In Bangladesh, India, and Pakistan, a tehsildar, talukdar, or mamlatdar is a land revenue officer accompanied by revenue inspectors. They are in charge of obtaining taxes from a tehsil with regard to land revenue. A tehsildar is also known as an executive magistrate of the relevant tehsil. The immediate subordinate of a tehsildar is known as a naib tehsildar.

==Etymology==
The term is assumed to be of Mughal origin and is perhaps a union of the words "tehsil" and "dar". "Tehsil" is an Arabic word meaning "revenue collection", and "dar" is a Persian word meaning "holder of a position". Mamlatdar is a synonymous term used in some Indian states that comes from the Hindi word māmala (मामला), which is derived from the Arabic muʿāmala (مُعَامَلَة‎ – "conduct, dealing, handling").

==India==
===British rule===
During British rule, a tehsildar was most likely a stipendiary officer of the government, employed to raise revenue. The position was called mamlatdar in Goa and some parts of Maharashtra. It was subsequently used by Pakistan and India following their independence from the British Empire. Tehsildar is also known as Talukdar in some states of India. In Assam, Bengal, and parts of Jharkhand, a tehsildar is known as a Mouzadar.

===Independence===
Tehsildar are Class 1 gazetted officers in most states of India. In Uttar Pradesh, tehsildar are given powers of assistant collector Grade I. They also are given judicial power. They implement the various policies of the taluka and are subject to the district collector. Officers holding the post of tehsildar preside over matters related to land, tax, and revenue. Tehsildar were first appointed as Naib Tehsildars after successful completion of a State Service Exam (i.e. UP-PSC in Uttar Pradesh, HP-PSC in Himachal Pradesh, RPSC in Rajasthan, MP-PSC in Madhya Pradesh, BPSC in Bihar, AP-PSC in Andhra Pradesh, TSPSC in Telangana, or other equivalent exams in other states of India), or promoted from a subordinate post like Kanoongo (also known as Revenue Inspectors). In Uttar Pradesh, tehsildar are promoted from Naib Tehsildar. Later on, they get promoted to the post of sub-divisional magistrate.
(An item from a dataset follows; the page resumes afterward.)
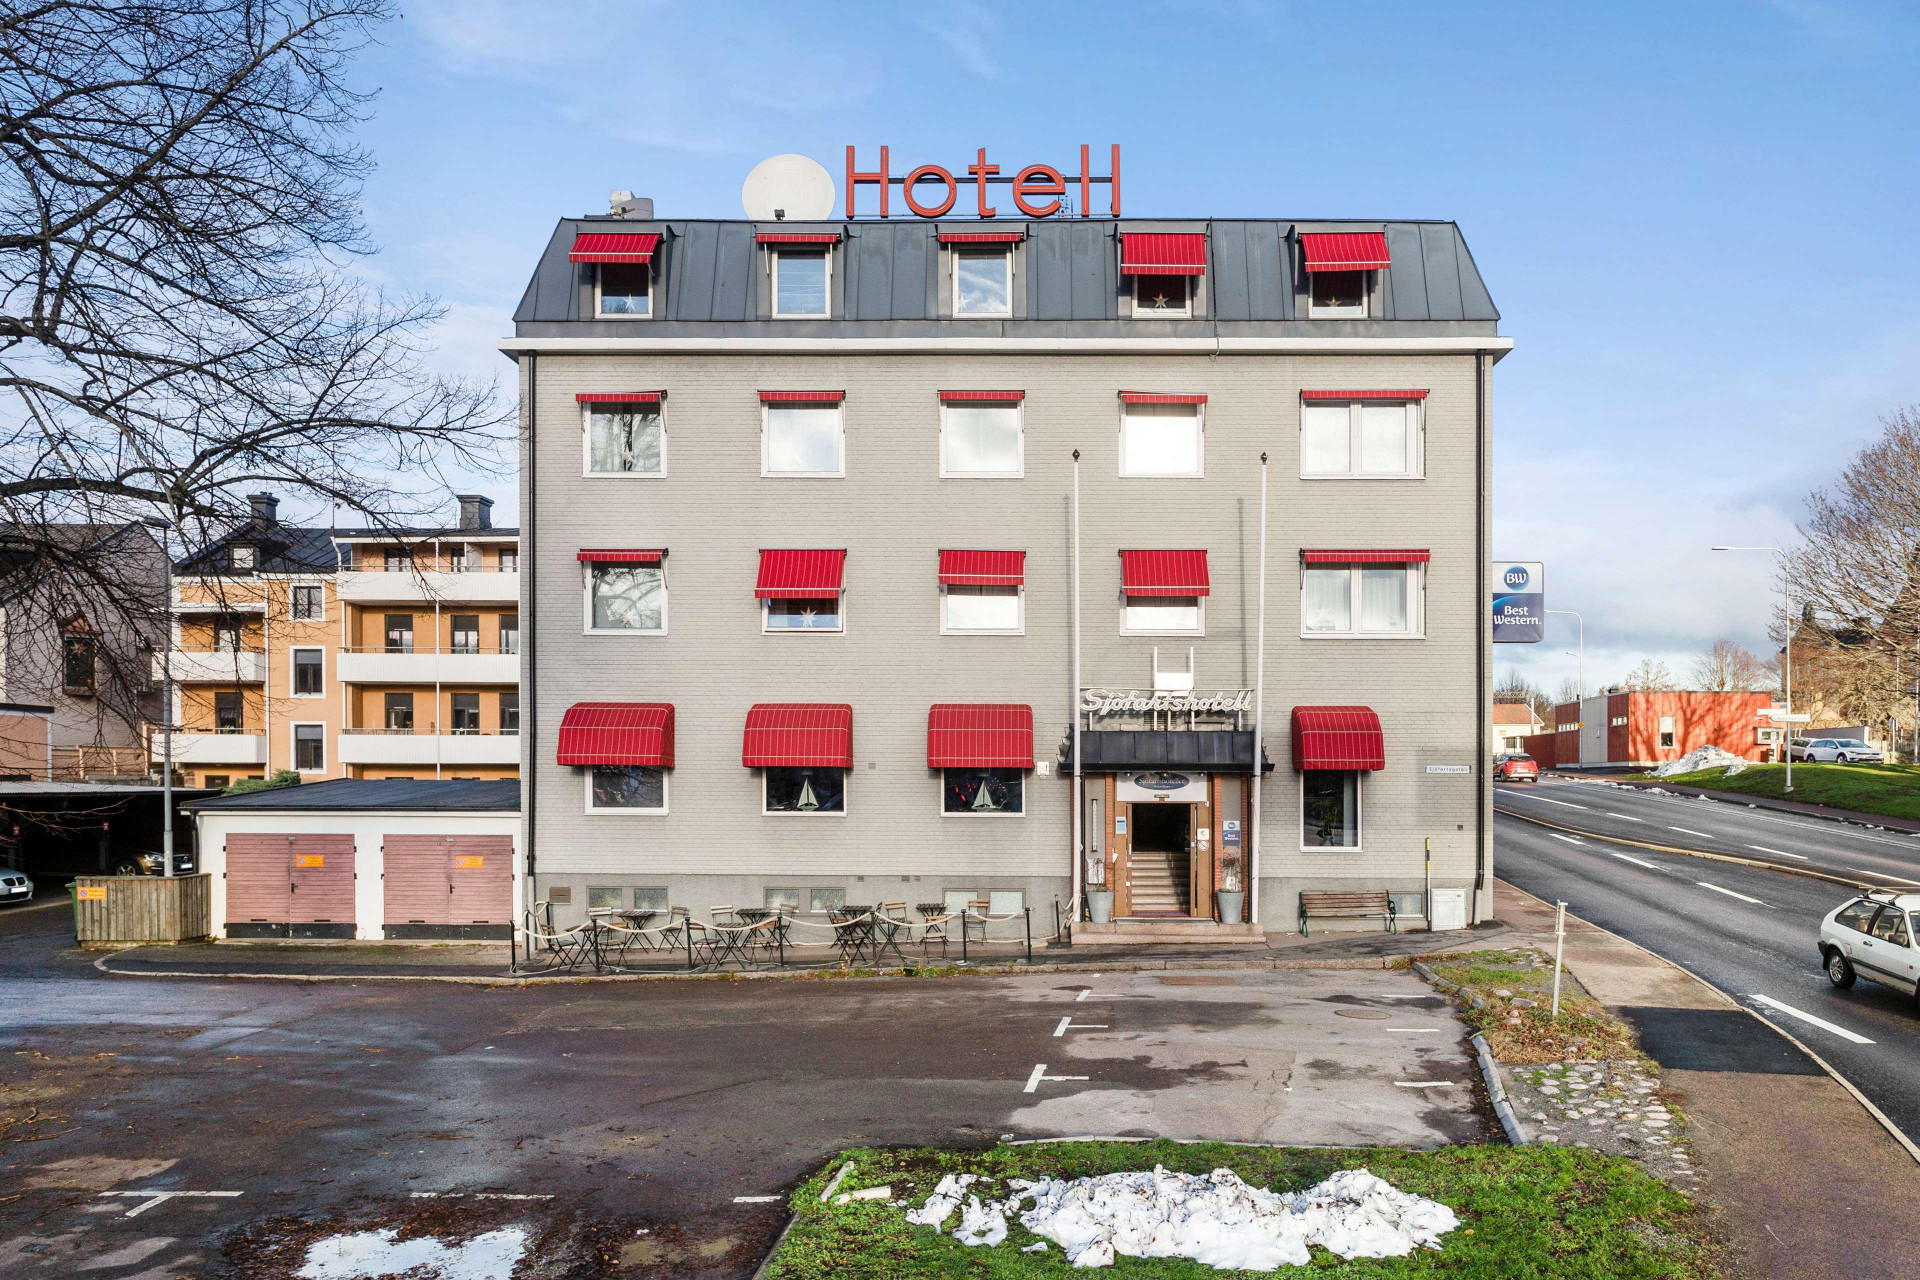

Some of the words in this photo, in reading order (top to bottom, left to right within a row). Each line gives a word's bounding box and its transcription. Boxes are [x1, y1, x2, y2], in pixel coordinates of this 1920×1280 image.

In Goa, the mamlatdar heads the taluka revenue office. While each taluka has a mamlatdar, there are also several joint mamlatdars and the work is distributed among them.

Each state is divided into districts. The district's senior civil servant is the district collector/district magistrate, who is an officer from the IAS cadre. These districts are further subdivided into revenue subdivisions or prants (West India). Each subdivision is under the charge of an officer designated as a sub-divisional magistrate (SDM), or deputy collector, who is a member of the State Civil Service cadre. In the revenue department, the deputy collector reports to the district revenue officer (DRO), who is also called the additional district magistrate (ADM Revenue) and is the person in charge of the revenue department for the district. The DRO in turn reports to the district collector (also called district magistrate, or DM), who is in charge of overall management of the district across all departments. Deputy collectors are hired through State Service Selection Commissions, whereas DROs and district collectors are usually Centre Civil Services employees appointed to the state cadre.